To be as user-friendly as possible, leading cash flow management software makes integrating spreadsheet data a piece of cake.

  • Agicap, for example, features as standard an Excel conversion plug-in.

Using spreadsheets for cash flow management is not Best Practice, but we understand why companies do it. For decades, Excel was not only the best way - but the only way. Luckily nowadays costs have dropped dramatically on software that is specifically designed to pick up where Excel peters away in effectiveness.

Adios Excel!

Generally we find that Agicap customers reach a point in the growth of their business where spreadsheets simply don't cut it:

  • Too complicated to co-ordinate spreadsheets from different departments/entities.

  • Financial variables changing too quickly for spreadsheet cash forecasts to keep up.

  • Too many errors from manual inputs.

  • Too much time spent maintaining spreadsheets that then don't work properly.

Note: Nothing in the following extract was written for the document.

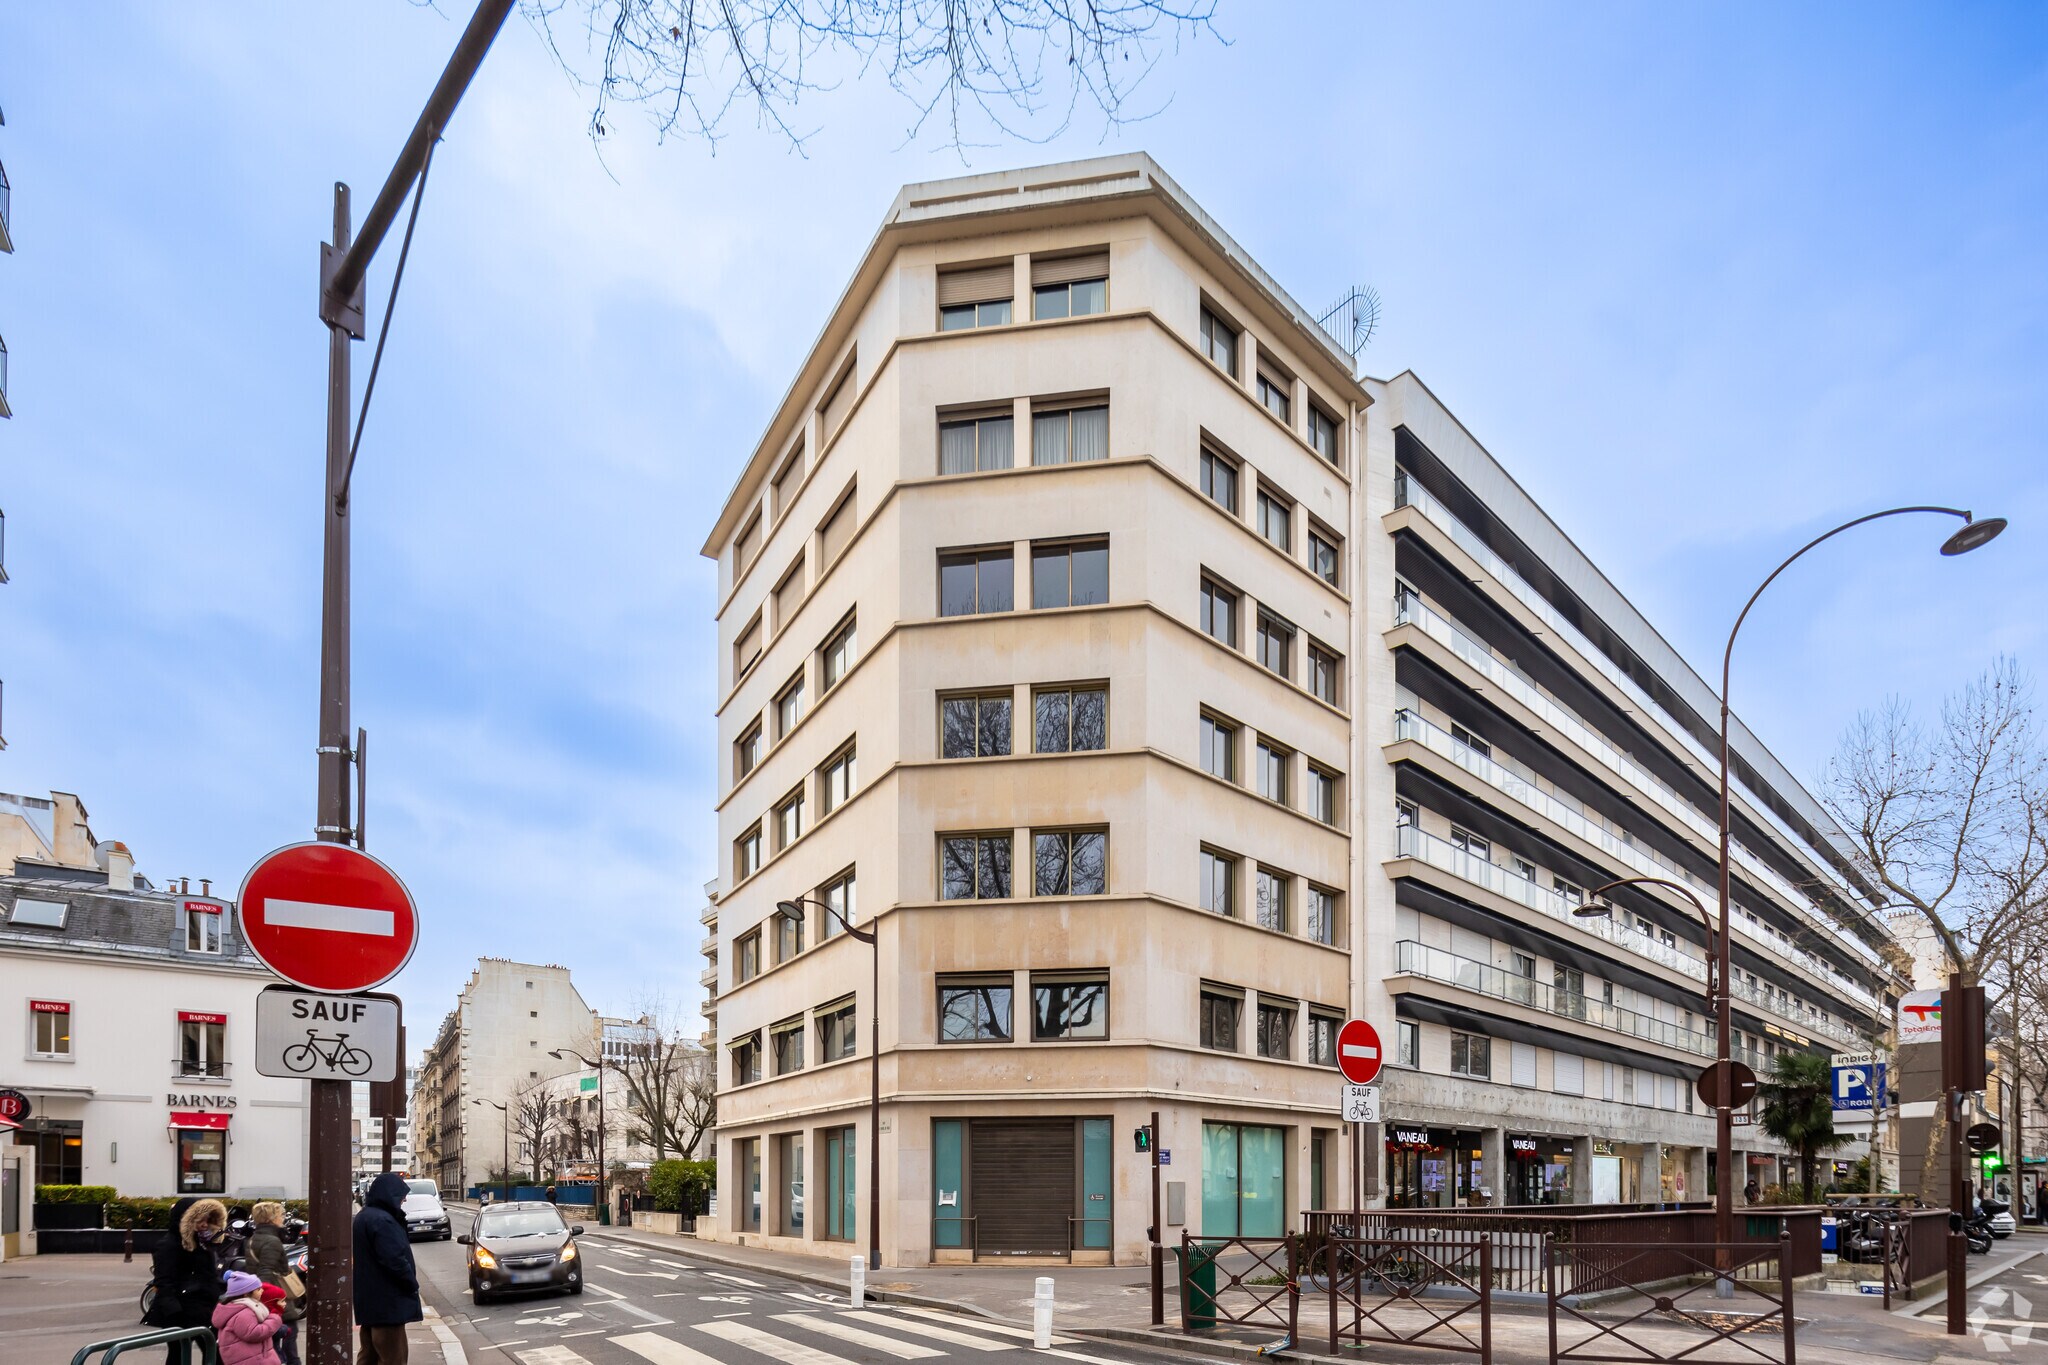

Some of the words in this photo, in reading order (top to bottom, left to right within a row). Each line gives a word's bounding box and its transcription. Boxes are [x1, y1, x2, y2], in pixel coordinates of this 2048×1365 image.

  • Pressure from the Board to present cash flow information graphically.

CFOs demand effective cash flow management

As a CFO, you will want your finance team leaders to have a smarter, more scalable approach. Because software like Agicap automates the data consolidation that Excel almost - but never quite - perfects, as well as integrates seamlessly with other software in your tech stack, you can trust the accuracy of cash oversight it brings. And so can your people. They can then spend their time tackling cash flow problems rather than fighting to establish what the basic cash flow situation is.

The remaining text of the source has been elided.